Directors Put Off Vote on MTA Plan
In a victory for Latino leaders, the Metropolitan Transportation Authority’s board of directors put off a vote Thursday on its recovery plan in hopes that two weeks of additional study will find transit alternatives to a subway extension into the Eastside.
“They’re making progress,” said Rep. Xavier Becerra (D-Los Angeles), who had objected to the plan’s provision for completion of a subway extension to North Hollywood while leaving the transit-dependent Eastside without any promise of improved public transportation.
The board also voted Thursday to extend transit chief Julian Burke’s appointment by two years, even as it delayed by two weeks a vote on his plan for regaining federal transit officials’ confidence in the MTA’s fiscal responsibility.
Mayor Richard Riordan, chairman of the MTA board, urged his colleagues to take a fresh look at the county’s transportation plans, including studying how the bus system can be improved, even with the MTA’s budget problems.
The study is designed to address the concerns of Latino elected officials, who have threatened to oppose federal funding for a subway extension to North Hollywood unless the Eastside receives some guarantee of improved mass transit.
One of those Eastside officials, County Supervisor and MTA board member Gloria Molina, said: “Let’s face it. Today isn’t a great victory. The reality is that they didn’t have the votes. . . . At least right now, we’re getting them to respond to some issues that have been raised.”
Riordan, who backed the two-week delay, said after the vote: “The important thing was that there was 100% consensus that we have to look into better ways to use our present resources to improve transportation, particularly to the transit-dependent Eastside.”
He added: “We have to come up with a plan to show how we can do even better than that if we get additional resources.” Among the possibilities, he said, is using busways.
The recovery plan--the third one drafted by the agency--is intended to satisfy federal concerns about financial and political chaos at the MTA. The agency must adopt an acceptable plan before congressional deliberations begin next month if it hopes to secure the $100 million requested for the North Hollywood subway extension.
Molina questioned how board members could approve a plan that they had not seen. Burke said his staff was still working on the document.
“I cannot begin to tell you how insulting this is,” she said. “What I’m being asked to do is to have some blind faith.”
Even as the board attempted to work out its latest political problems, new troubles were breaking out.
In Sacramento, Assembly Speaker Antonio R. Villaraigosa (D-Los Angeles) asked the California Transportation Commission to require the MTA to submit a plan by the end of the year showing how it will improve transit to the Eastside, Mid-City and San Fernando Valley. If the MTA fails to do so, he said, the state should take nearly $400 million in state funds away from the MTA and spend the money itself on transit projects.
“What they’re saying is we can’t build the eastern extension.
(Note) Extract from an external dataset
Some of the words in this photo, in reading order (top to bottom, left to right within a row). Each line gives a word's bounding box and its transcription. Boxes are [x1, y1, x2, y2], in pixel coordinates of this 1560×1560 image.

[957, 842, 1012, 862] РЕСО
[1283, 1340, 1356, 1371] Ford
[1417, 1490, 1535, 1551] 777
There is no money,” Villaraigosa said. “That’s not good enough.”
The MTA board earlier this year suspended long-promised subway extensions to the Eastside and Mid-City and a light-rail line from downtown Los Angeles to Pasadena because of funding problems.
In Washington, Rep. Esteban Torres (D-Pico Rivera), a member of the House Transportation Appropriations Committee, said the committee will hold hearings in Los Angeles next month to find out why the MTA “can’t get their act together.” Torres, however, said he viewed the MTA action Thursday with a “tinge of positiveness.”
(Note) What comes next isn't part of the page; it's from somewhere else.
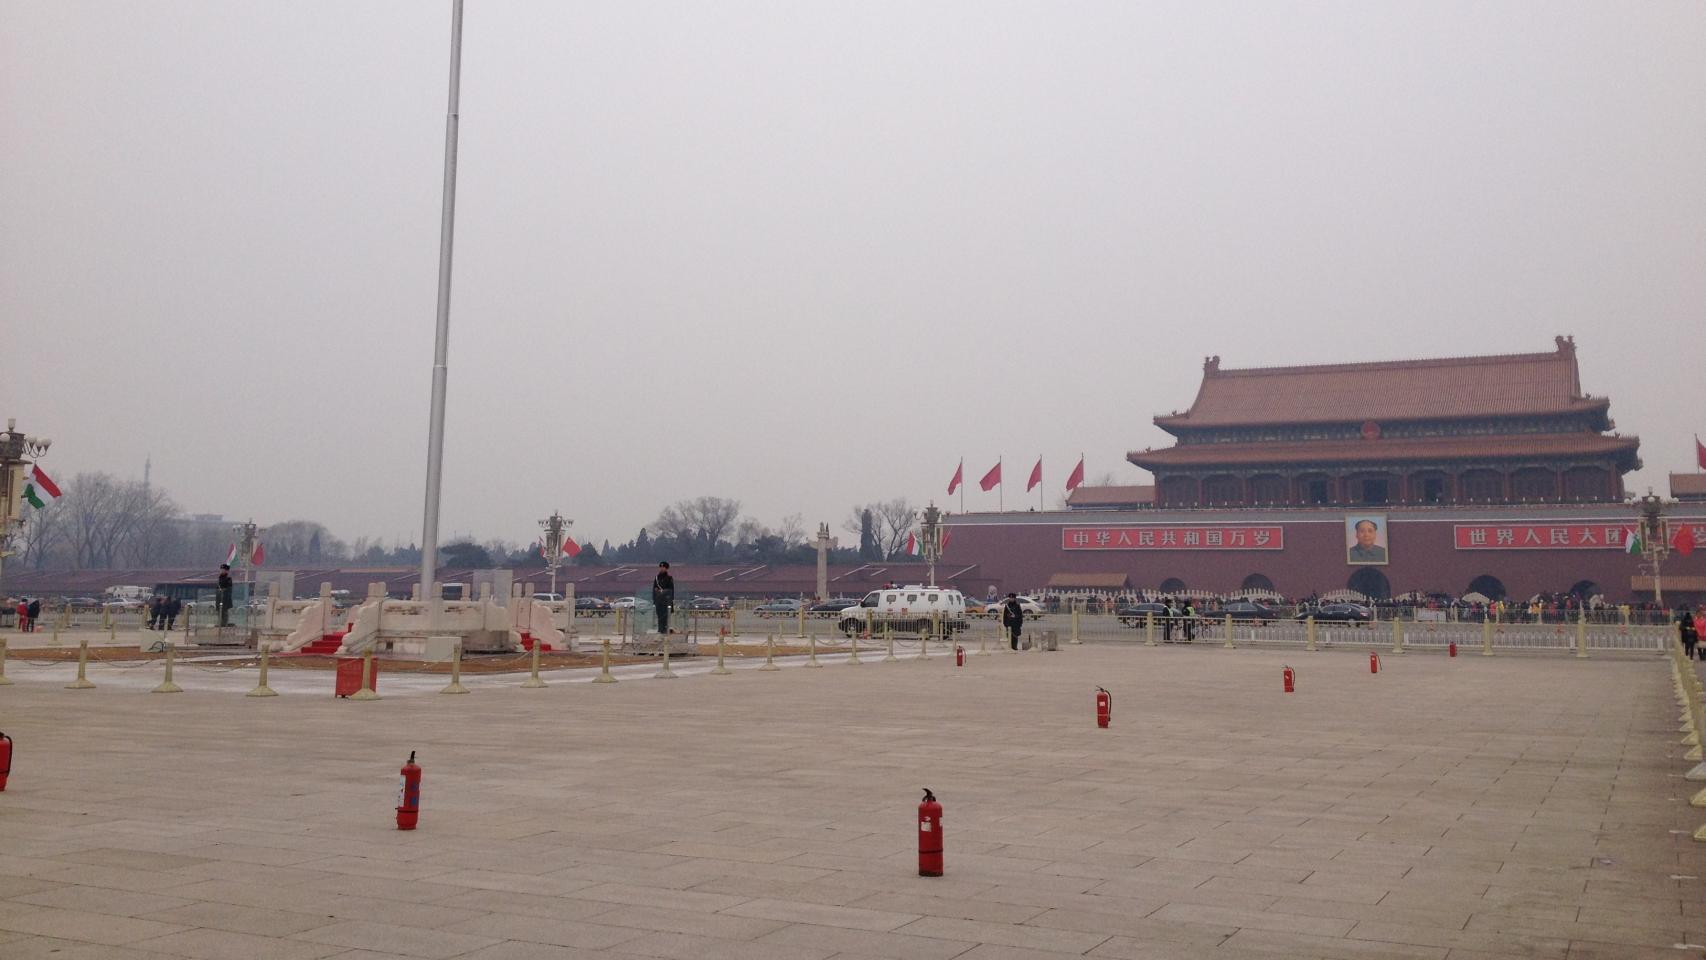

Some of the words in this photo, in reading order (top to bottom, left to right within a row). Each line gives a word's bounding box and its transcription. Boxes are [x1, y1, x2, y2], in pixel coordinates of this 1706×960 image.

[1072, 530, 1271, 546] 中华人民共和国万岁
But in Los Angeles on Thursday, advocates for bus riders declared that they have reached an impasse with the MTA over whether the agency is complying with a federal court order to reduce overcrowding on buses. The parties appear headed to the court-appointed special master for a ruling on their dispute.
During the meeting on the recovery plan, Burke told the board that the document has been misunderstood, that it is designed only to respond to federal demands that the MTA show that it can complete the subway extension to North Hollywood and comply with a court order directing bus improvements.
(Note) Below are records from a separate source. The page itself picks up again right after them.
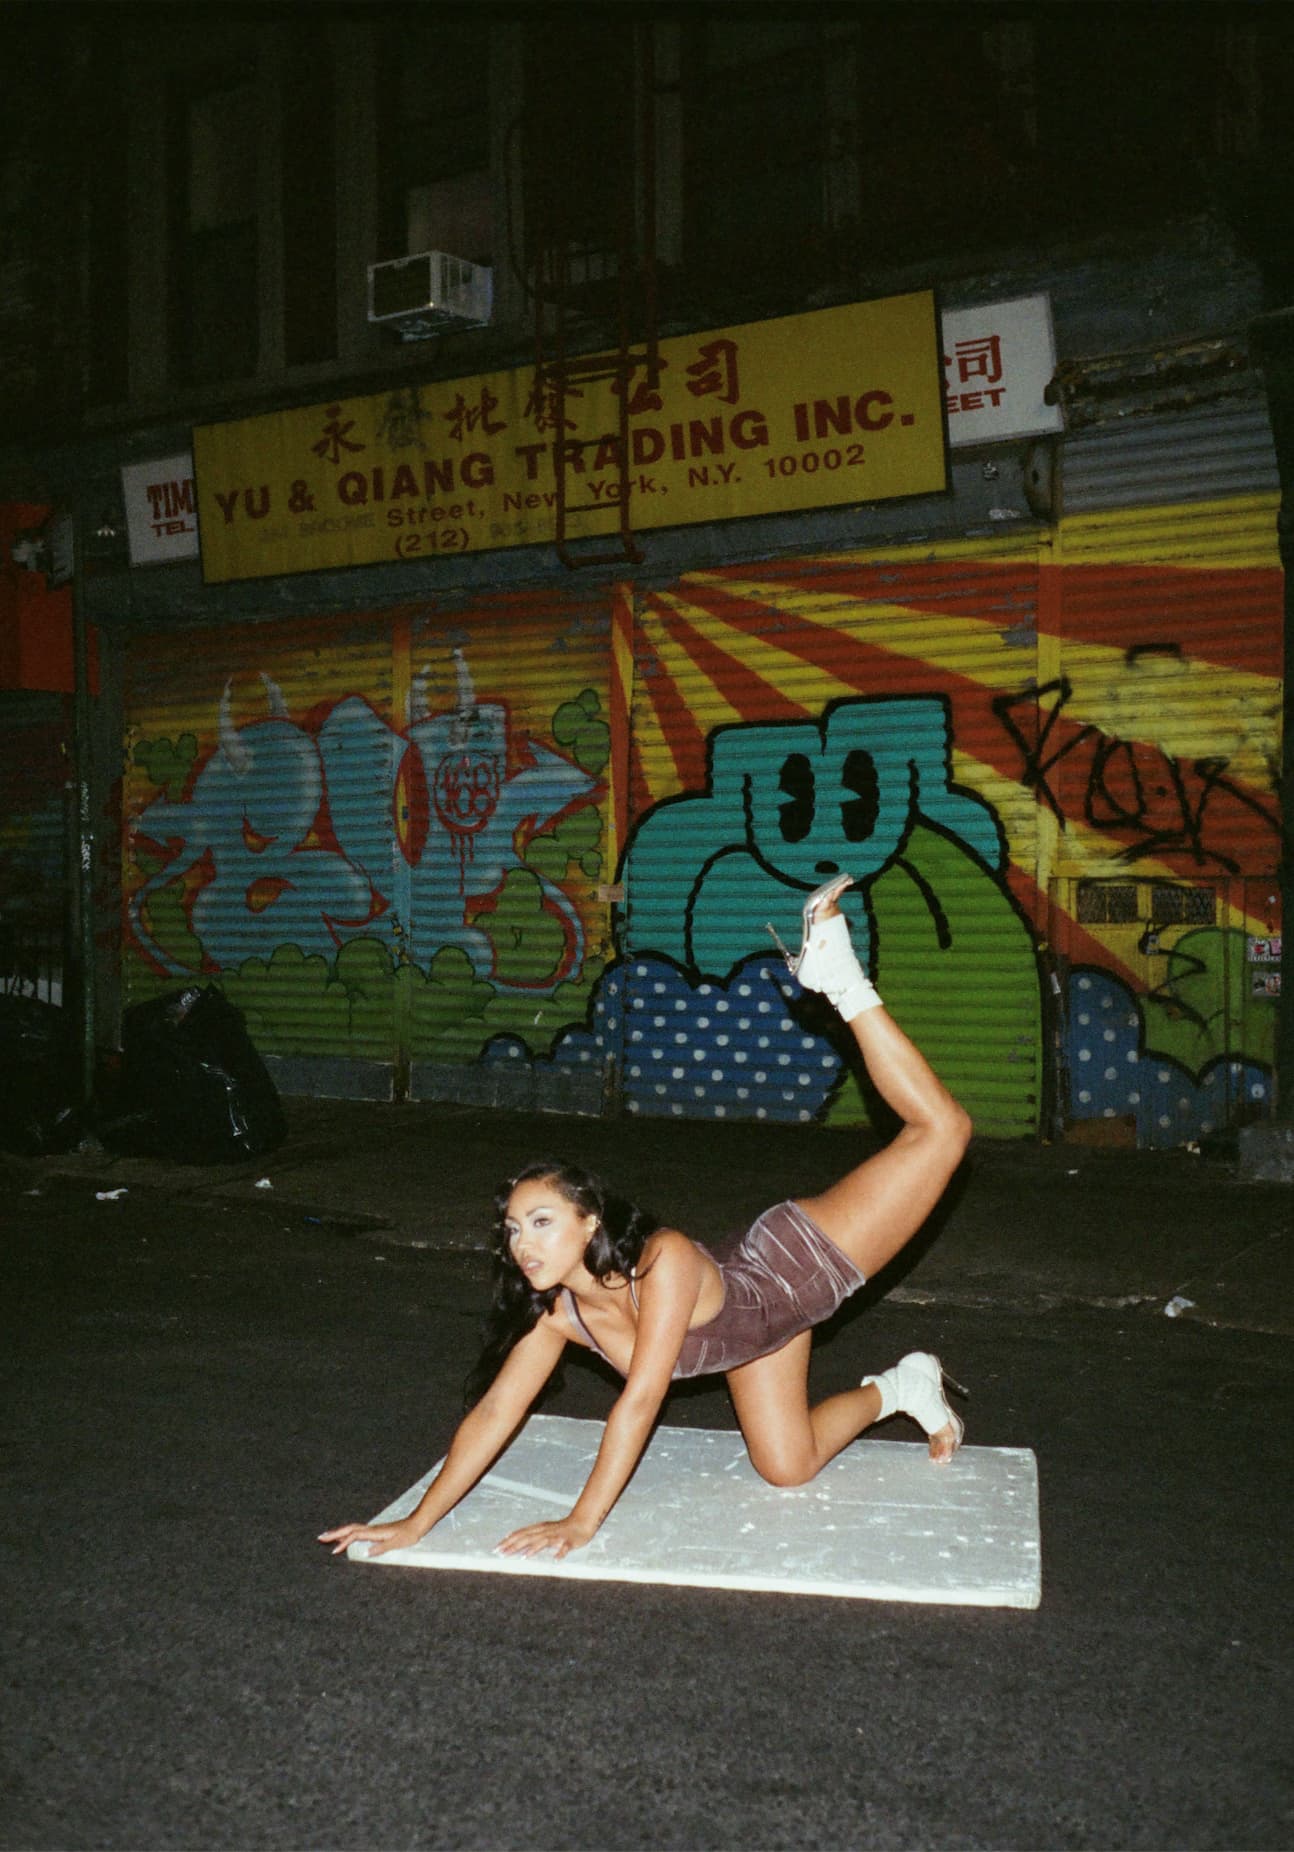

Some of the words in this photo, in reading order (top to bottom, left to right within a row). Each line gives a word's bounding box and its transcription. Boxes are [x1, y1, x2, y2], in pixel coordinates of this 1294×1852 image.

[214, 484, 271, 524] YU
[288, 480, 317, 513] &
[338, 452, 495, 510] QIANG
[515, 410, 769, 480] TRADING
[794, 390, 915, 442] INC.
[386, 502, 485, 527] Street,
[586, 474, 668, 500] York,
[688, 462, 741, 489] N.Y.
[766, 443, 866, 479] 10002
[394, 526, 470, 556] (212)
“The suspension of the these projects is not relevant to getting ourselves into a position where the [Federal Transit Administration] and Congress are comfortable in continuing to fund to completion our Red Line North Hollywood project,” Burke said.
Molina responded angrily that the plan says, in effect, “I am finishing the tunnel by stealing all of the local money.”
Some board members expressed concern about the message that the board was sending to federal officials who are concerned about the MTA’s finances and management by delaying a vote on the plan for a second time this month.
“We look foolish on a regular basis,” Molina said, adding that it would be worse for the board to “deny the debate that must go on.”
“This is the problem with this board,” she said. “We don’t build consensus. That’s what the federal government is saying to us: Get together, figure out where you want to go before we give you the money.”’
Molina said she hopes that the board will consider slowing down the North Hollywood subway extension in order to free up funds for the completion of a light-rail line between downtown Los Angeles and Pasadena.
The previous recovery plans were rejected by federal authorities as financially unsound.
Although the new plan shows that the MTA still faces serious financial problems--including facing budget deficits for the next year or two--Burke said that should not prevent federal approval “if they have confidence that this management describes what the problem is and shows we are working on it.”
Riordan said that he hopes the MTA hires outside experts to complete a study on transit alternatives within 90 days.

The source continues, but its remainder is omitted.